Print the data that follows, exactly and completely.

## ENTRIES SHOWN

◇ ◇ ◇

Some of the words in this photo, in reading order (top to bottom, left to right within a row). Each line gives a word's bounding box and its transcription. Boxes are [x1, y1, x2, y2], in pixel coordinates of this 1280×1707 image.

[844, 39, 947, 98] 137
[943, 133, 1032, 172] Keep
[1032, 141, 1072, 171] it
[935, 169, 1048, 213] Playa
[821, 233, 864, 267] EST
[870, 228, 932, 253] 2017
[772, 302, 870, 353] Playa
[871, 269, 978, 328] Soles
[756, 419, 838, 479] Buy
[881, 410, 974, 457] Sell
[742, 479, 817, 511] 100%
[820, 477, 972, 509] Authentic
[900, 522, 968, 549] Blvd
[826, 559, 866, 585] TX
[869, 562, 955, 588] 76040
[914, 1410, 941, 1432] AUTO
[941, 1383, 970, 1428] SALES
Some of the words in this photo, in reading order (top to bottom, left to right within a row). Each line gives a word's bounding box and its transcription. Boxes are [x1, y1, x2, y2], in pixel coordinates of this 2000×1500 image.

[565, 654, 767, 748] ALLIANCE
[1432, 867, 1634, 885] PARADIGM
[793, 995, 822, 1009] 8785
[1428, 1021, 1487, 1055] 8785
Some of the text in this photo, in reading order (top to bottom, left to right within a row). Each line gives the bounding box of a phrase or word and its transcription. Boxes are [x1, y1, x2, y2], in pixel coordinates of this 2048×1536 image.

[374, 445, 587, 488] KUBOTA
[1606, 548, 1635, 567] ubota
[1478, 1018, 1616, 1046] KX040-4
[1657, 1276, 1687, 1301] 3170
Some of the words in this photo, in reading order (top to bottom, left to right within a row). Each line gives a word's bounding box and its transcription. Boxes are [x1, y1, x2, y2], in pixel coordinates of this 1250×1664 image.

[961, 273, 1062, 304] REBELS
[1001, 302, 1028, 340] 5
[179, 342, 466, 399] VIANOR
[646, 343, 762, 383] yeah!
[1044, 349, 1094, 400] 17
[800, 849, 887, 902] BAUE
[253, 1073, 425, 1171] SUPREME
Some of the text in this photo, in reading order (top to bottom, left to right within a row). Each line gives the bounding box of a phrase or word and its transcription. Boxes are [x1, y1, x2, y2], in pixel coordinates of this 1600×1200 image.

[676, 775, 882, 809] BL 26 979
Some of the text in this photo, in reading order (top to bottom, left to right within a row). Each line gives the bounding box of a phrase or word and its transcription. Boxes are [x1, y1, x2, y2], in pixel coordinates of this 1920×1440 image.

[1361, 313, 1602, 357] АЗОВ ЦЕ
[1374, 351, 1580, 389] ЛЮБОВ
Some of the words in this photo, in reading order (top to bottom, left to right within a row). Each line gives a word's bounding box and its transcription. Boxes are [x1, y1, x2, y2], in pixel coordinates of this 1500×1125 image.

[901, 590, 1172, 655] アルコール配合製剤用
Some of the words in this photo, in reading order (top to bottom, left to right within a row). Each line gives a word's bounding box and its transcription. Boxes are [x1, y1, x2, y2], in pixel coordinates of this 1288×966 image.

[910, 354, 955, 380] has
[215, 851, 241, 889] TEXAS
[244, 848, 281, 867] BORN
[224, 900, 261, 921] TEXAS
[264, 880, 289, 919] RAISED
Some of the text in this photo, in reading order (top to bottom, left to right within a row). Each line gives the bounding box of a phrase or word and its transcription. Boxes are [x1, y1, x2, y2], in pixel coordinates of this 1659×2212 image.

◇ ◇ ◇

## YOUR SOLUTION
Some of the words in this photo, in reading order (top to bottom, left to right within a row). Each line gives a word's bounding box and its transcription. Boxes are [x1, y1, x2, y2], in pixel coordinates of this 1280×1707 image.

[844, 39, 947, 98] 137
[943, 133, 1032, 172] Keep
[1032, 141, 1072, 171] it
[935, 169, 1048, 213] Playa
[821, 233, 864, 267] EST
[870, 228, 932, 253] 2017
[772, 302, 870, 353] Playa
[871, 269, 978, 328] Soles
[756, 419, 838, 479] Buy
[881, 410, 974, 457] Sell
[742, 479, 817, 511] 100%
[820, 477, 972, 509] Authentic
[900, 522, 968, 549] Blvd
[826, 559, 866, 585] TX
[869, 562, 955, 588] 76040
[914, 1410, 941, 1432] AUTO
[941, 1383, 970, 1428] SALES
Some of the words in this photo, in reading order (top to bottom, left to right within a row). Each line gives a word's bounding box and its transcription. Boxes are [x1, y1, x2, y2], in pixel coordinates of this 2000×1500 image.

[565, 654, 767, 748] ALLIANCE
[1432, 867, 1634, 885] PARADIGM
[793, 995, 822, 1009] 8785
[1428, 1021, 1487, 1055] 8785
Some of the text in this photo, in reading order (top to bottom, left to right within a row). Each line gives the bounding box of a phrase or word and its transcription. Boxes are [x1, y1, x2, y2], in pixel coordinates of this 2048×1536 image.

[374, 445, 587, 488] KUBOTA
[1606, 548, 1635, 567] ubota
[1478, 1018, 1616, 1046] KX040-4
[1657, 1276, 1687, 1301] 3170
Some of the words in this photo, in reading order (top to bottom, left to right within a row). Each line gives a word's bounding box and its transcription. Boxes are [x1, y1, x2, y2], in pixel coordinates of this 1250×1664 image.

[961, 273, 1062, 304] REBELS
[1001, 302, 1028, 340] 5
[179, 342, 466, 399] VIANOR
[646, 343, 762, 383] yeah!
[1044, 349, 1094, 400] 17
[800, 849, 887, 902] BAUE
[253, 1073, 425, 1171] SUPREME
Some of the text in this photo, in reading order (top to bottom, left to right within a row). Each line gives the bounding box of a phrase or word and its transcription. Boxes are [x1, y1, x2, y2], in pixel coordinates of this 1600×1200 image.

[676, 775, 882, 809] BL 26 979
Some of the text in this photo, in reading order (top to bottom, left to right within a row). Each line gives the bounding box of a phrase or word and its transcription. Boxes are [x1, y1, x2, y2], in pixel coordinates of this 1920×1440 image.

[1361, 313, 1602, 357] АЗОВ ЦЕ
[1374, 351, 1580, 389] ЛЮБОВ
Some of the words in this photo, in reading order (top to bottom, left to right within a row). Each line gives a word's bounding box and its transcription. Boxes are [x1, y1, x2, y2], in pixel coordinates of this 1500×1125 image.

[901, 590, 1172, 655] アルコール配合製剤用
Some of the words in this photo, in reading order (top to bottom, left to right within a row). Each line gives a word's bounding box and its transcription. Boxes are [x1, y1, x2, y2], in pixel coordinates of this 1288×966 image.

[910, 354, 955, 380] has
[215, 851, 241, 889] TEXAS
[244, 848, 281, 867] BORN
[224, 900, 261, 921] TEXAS
[264, 880, 289, 919] RAISED
Some of the text in this photo, in reading order (top to bottom, left to right within a row). Each line gives the bounding box of a phrase or word and its transcription. Boxes are [x1, y1, x2, y2], in pixel coordinates of this 1659×2212 image.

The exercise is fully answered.